Baek Seo-gun murmuró.
Estaba sentada en lo alto del tejado de algún pabellón, con una rodilla levantada y apoyada con naturalidad.
Últimamente, sus soliloquios habían aumentado. ¿Sería porque la vida en la mansión de la familia Jeong, que ella consideraba su base pero que ignoraba deliberadamente, se había filtrado en su corazón?
O tal vez las palabras escritas por aquel compañero Hermano Verdadero habían conmovido sus emociones.
“Las almas caballerescas aún se compadecen de los necesitados, permitiendo que sus elevados ideales florezcan por doquier. Esto proviene de las enseñanzas de sus sectas y padres, grabadas en sus corazones.”
¿Qué enseñanzas le había inculcado a Lightning Genius el patriarca de la familia Jeong, Pan Yue Jeong Dae-myung? ¿Qué mentalidad lo impulsó a unirse a Desolate Fortress?

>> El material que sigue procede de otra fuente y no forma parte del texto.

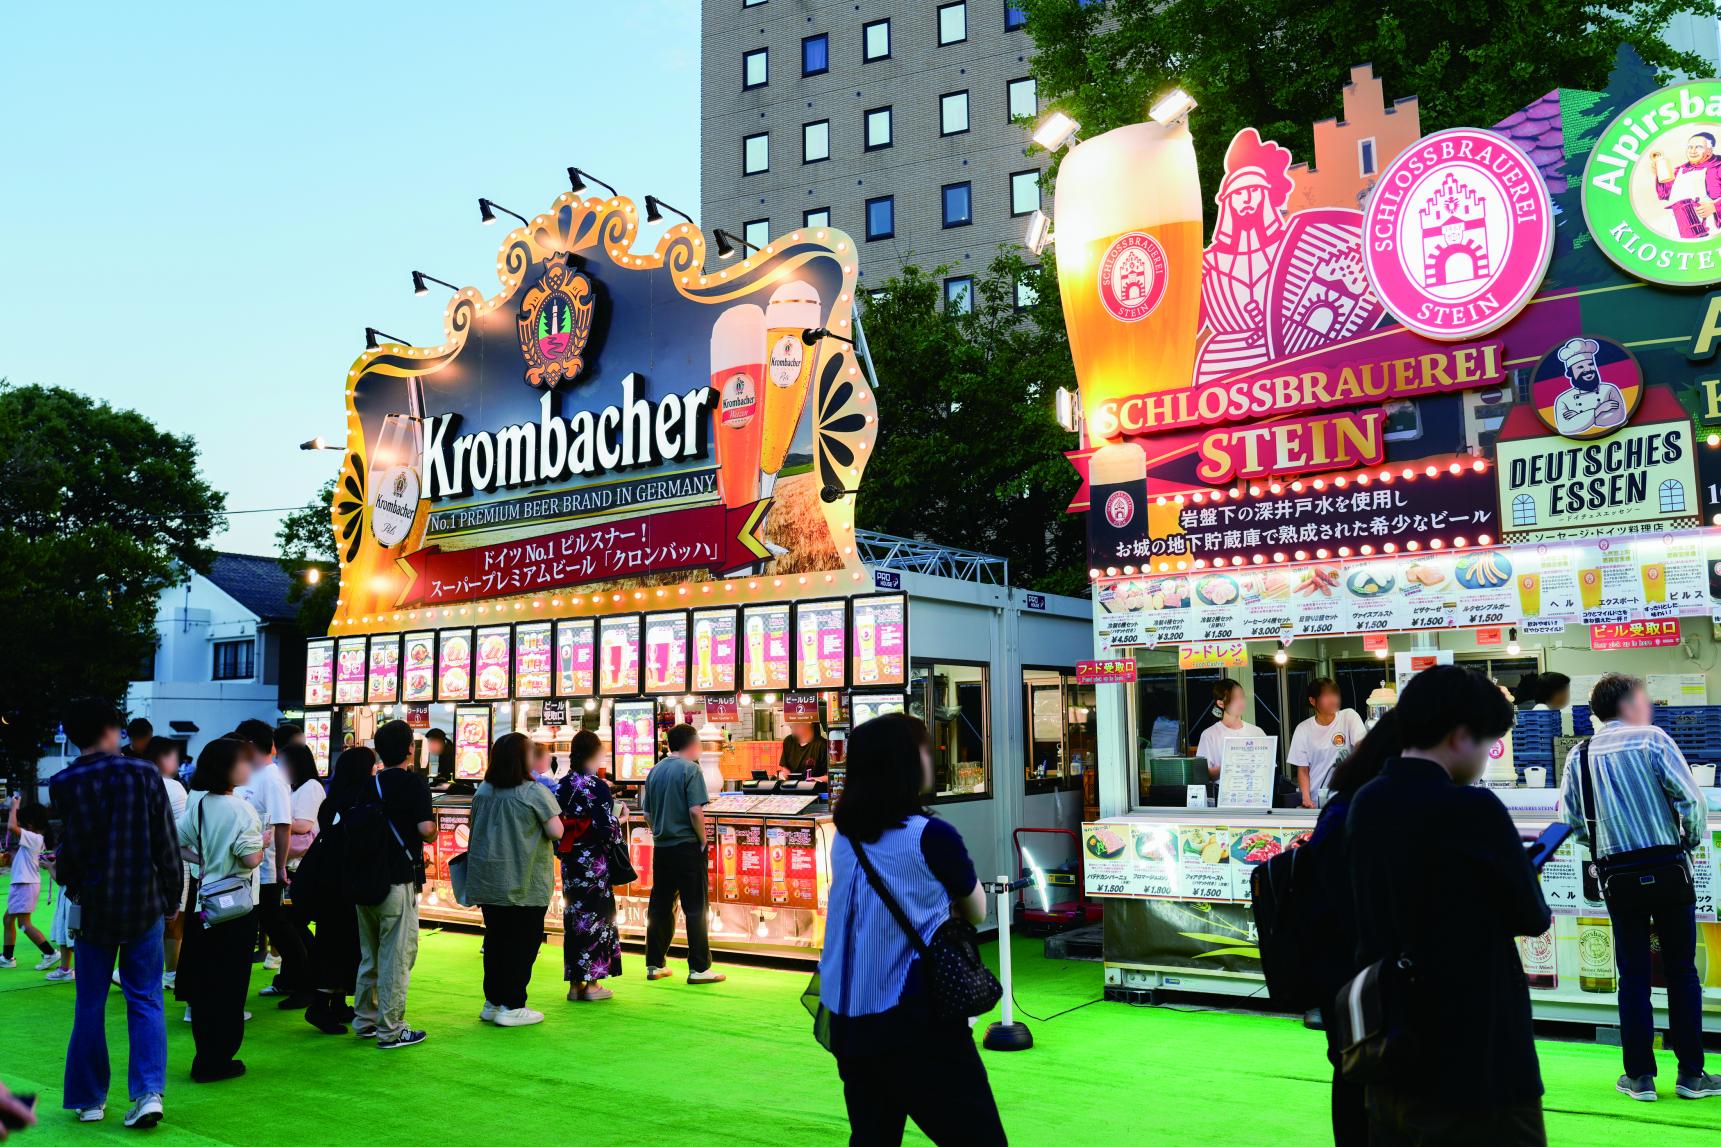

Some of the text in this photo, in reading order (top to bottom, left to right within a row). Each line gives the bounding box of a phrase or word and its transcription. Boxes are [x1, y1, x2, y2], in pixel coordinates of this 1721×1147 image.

[1374, 139, 1537, 252] SCHLOSSBRAUEREI
[1609, 220, 1721, 270] KLOSTE
[1102, 237, 1163, 286] SCHLOSSBRAUEREI
[1118, 304, 1149, 317] STEIN
[1417, 292, 1501, 325] STEIN
[771, 357, 802, 369] Krombacher
[1098, 344, 1503, 436] SCHLOSSBRAUEREI
[723, 395, 755, 409] Krombacher
[420, 372, 711, 499] Krombacher
[1200, 412, 1380, 479] STEIN
[1509, 430, 1683, 490] DEUTSCHES
[1549, 470, 1648, 517] ESSEN
[375, 493, 415, 519] Krombacher
[431, 474, 716, 532] No.1 PREMIUM BEER BRAND IN GERMANY
[1179, 489, 1408, 529] 岩盤下の深井戸水を使用し
[1115, 509, 1492, 559] お城の地下貯蔵庫で熟成された希少なビール
[1535, 523, 1664, 542] ソーセージ・ドイツ料理店
[484, 523, 648, 571] ドイツ No.1 ピルスナー！
[876, 572, 890, 582] PRO
[1356, 619, 1388, 629] ¥1,500
[1411, 616, 1443, 627] ¥1,500
[1469, 613, 1503, 624] ¥1,500
[1157, 632, 1184, 641] ¥3,200
[1204, 630, 1233, 639] ¥1,500
[1251, 626, 1281, 636] ¥3,000
[1302, 623, 1333, 633] ¥1,500
[1594, 621, 1677, 638] ビール受取口
[1181, 643, 1243, 660] フードレジ
[1078, 661, 1134, 675] フード受取口
[544, 700, 565, 710] ビール
[786, 695, 815, 704] ビールレジ
[1097, 884, 1125, 893] ¥1,500
[1192, 888, 1222, 897] ¥1,500
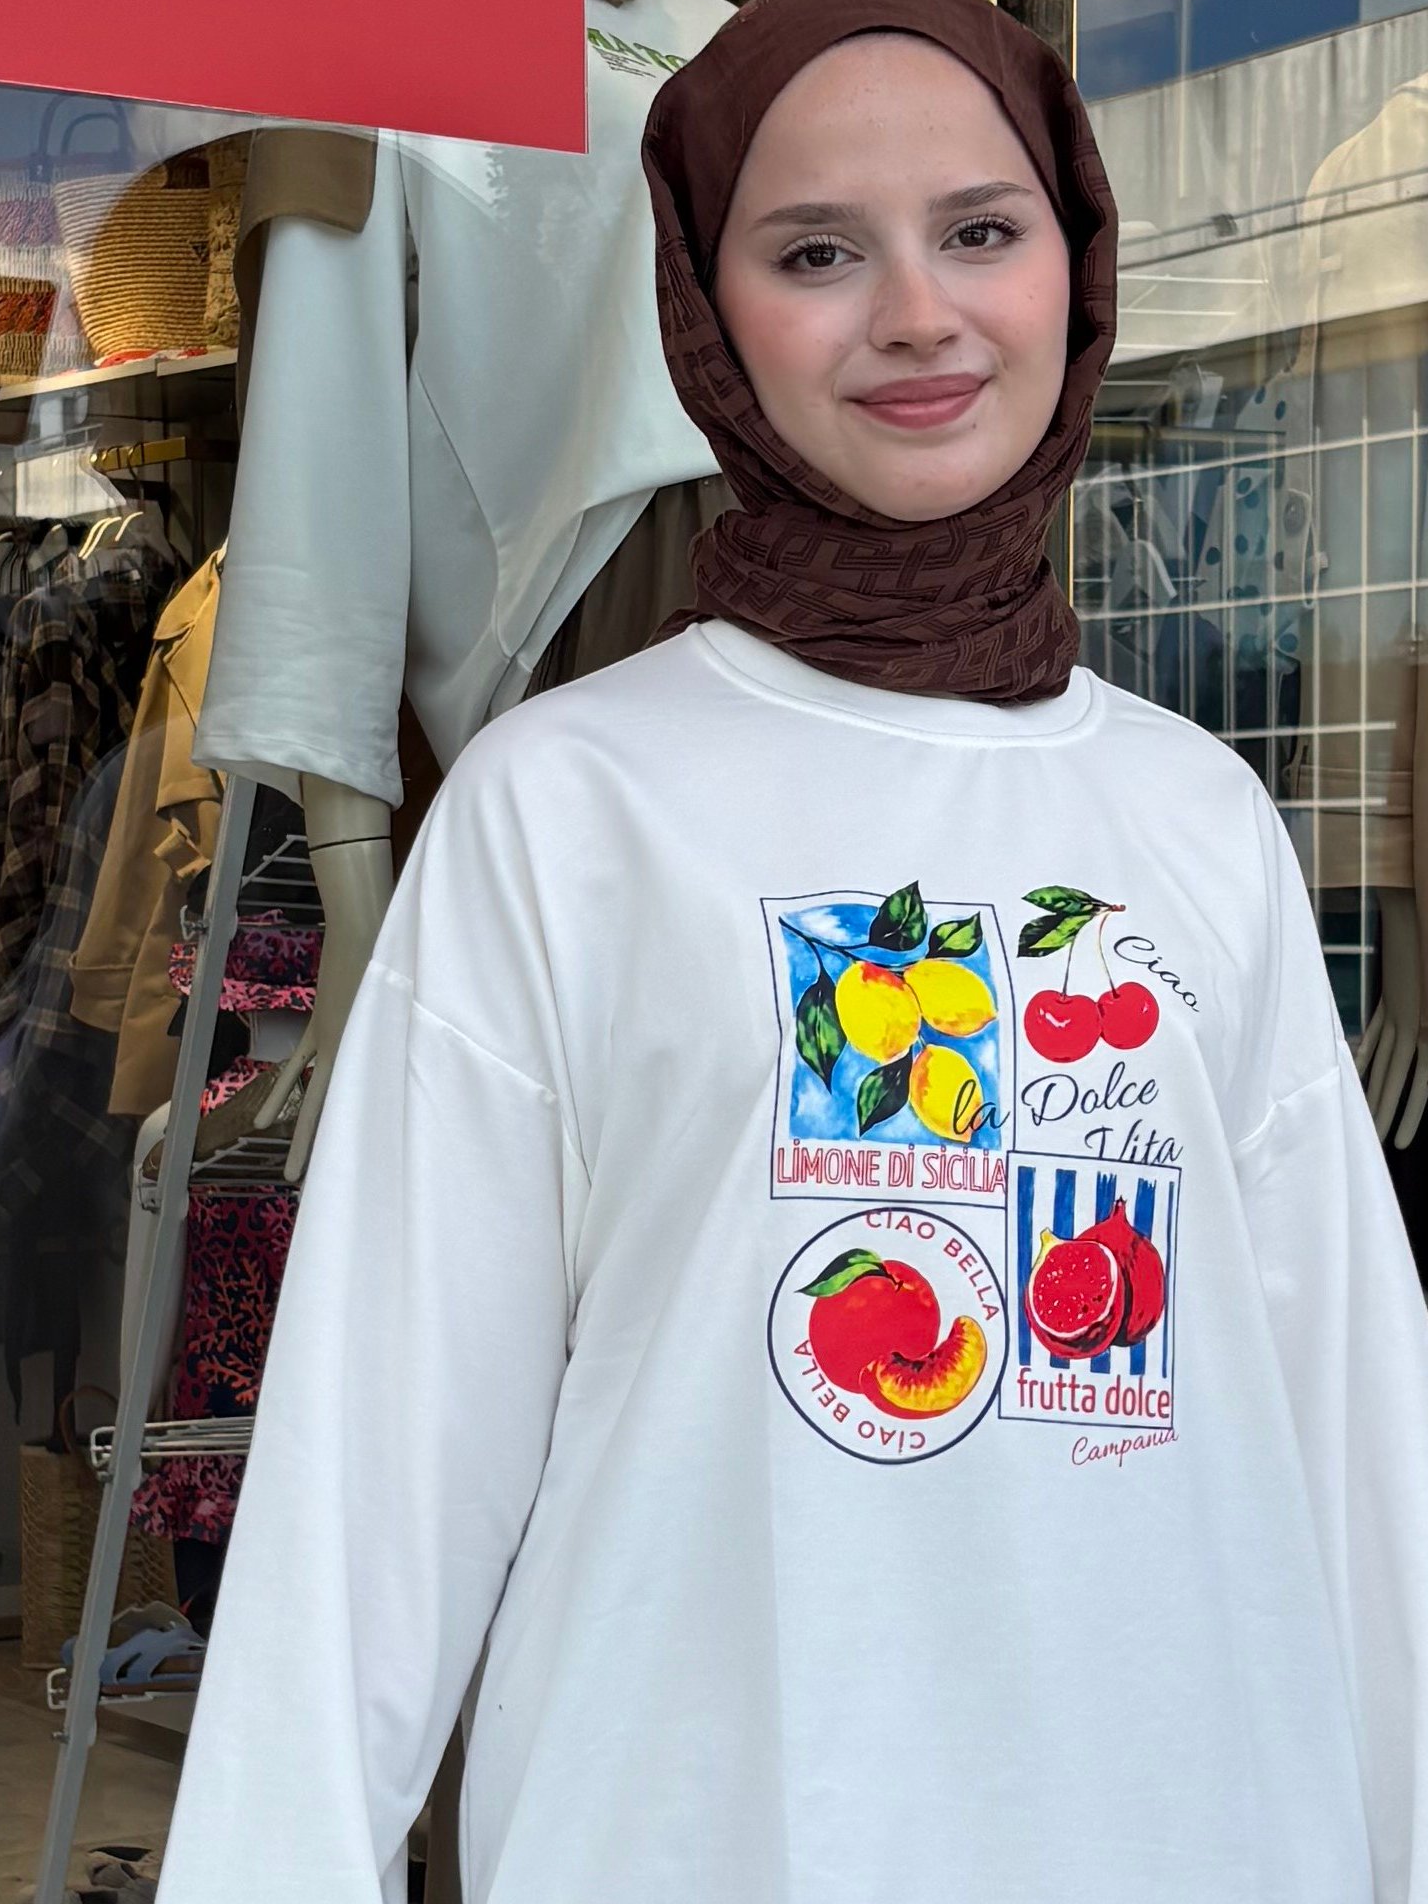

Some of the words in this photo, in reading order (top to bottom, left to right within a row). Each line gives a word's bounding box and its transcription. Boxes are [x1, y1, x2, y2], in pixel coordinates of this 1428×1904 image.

¿Cómo se había convertido en un artista marcial que priorizaba la estabilidad del pueblo por encima de todo? Tan íntegro y resuelto.
Baek Seo-gun era una espadachina sin igual, pero no encontraba respuestas a las preguntas que habían surgido recientemente en su mente.
Las decenas de miles de caminos de espada que llenaban su mente eran todas inútiles. Deseaba haber tenido la misma franqueza y el mismo corazón que Lightning Genius durante su primer encuentro.
“Jeong Pan Yue, Jeong Pan Yue… Si ese loco derrochador hubiera cumplido con su deber de padre como es debido…”
“Seguramente es porque le faltaban padres.”
Un leve sobresalto.
Un mechón de cabello gris cayó, haciéndole cosquillas en el hombro.
En ese momento.
“Venerable Espada, el Líder de la Alianza te busca con urgencia.”
Una voz, sumamente educada, resonó desde debajo del tejado. No necesitó mirar para saberlo.
Se trataba del comandante de las fuerzas marciales del Ejército de la Alianza Marcial Profunda. Una figura de considerable rareza en el mundo marcial, alguien que normalmente dudaba incluso en mostrarse.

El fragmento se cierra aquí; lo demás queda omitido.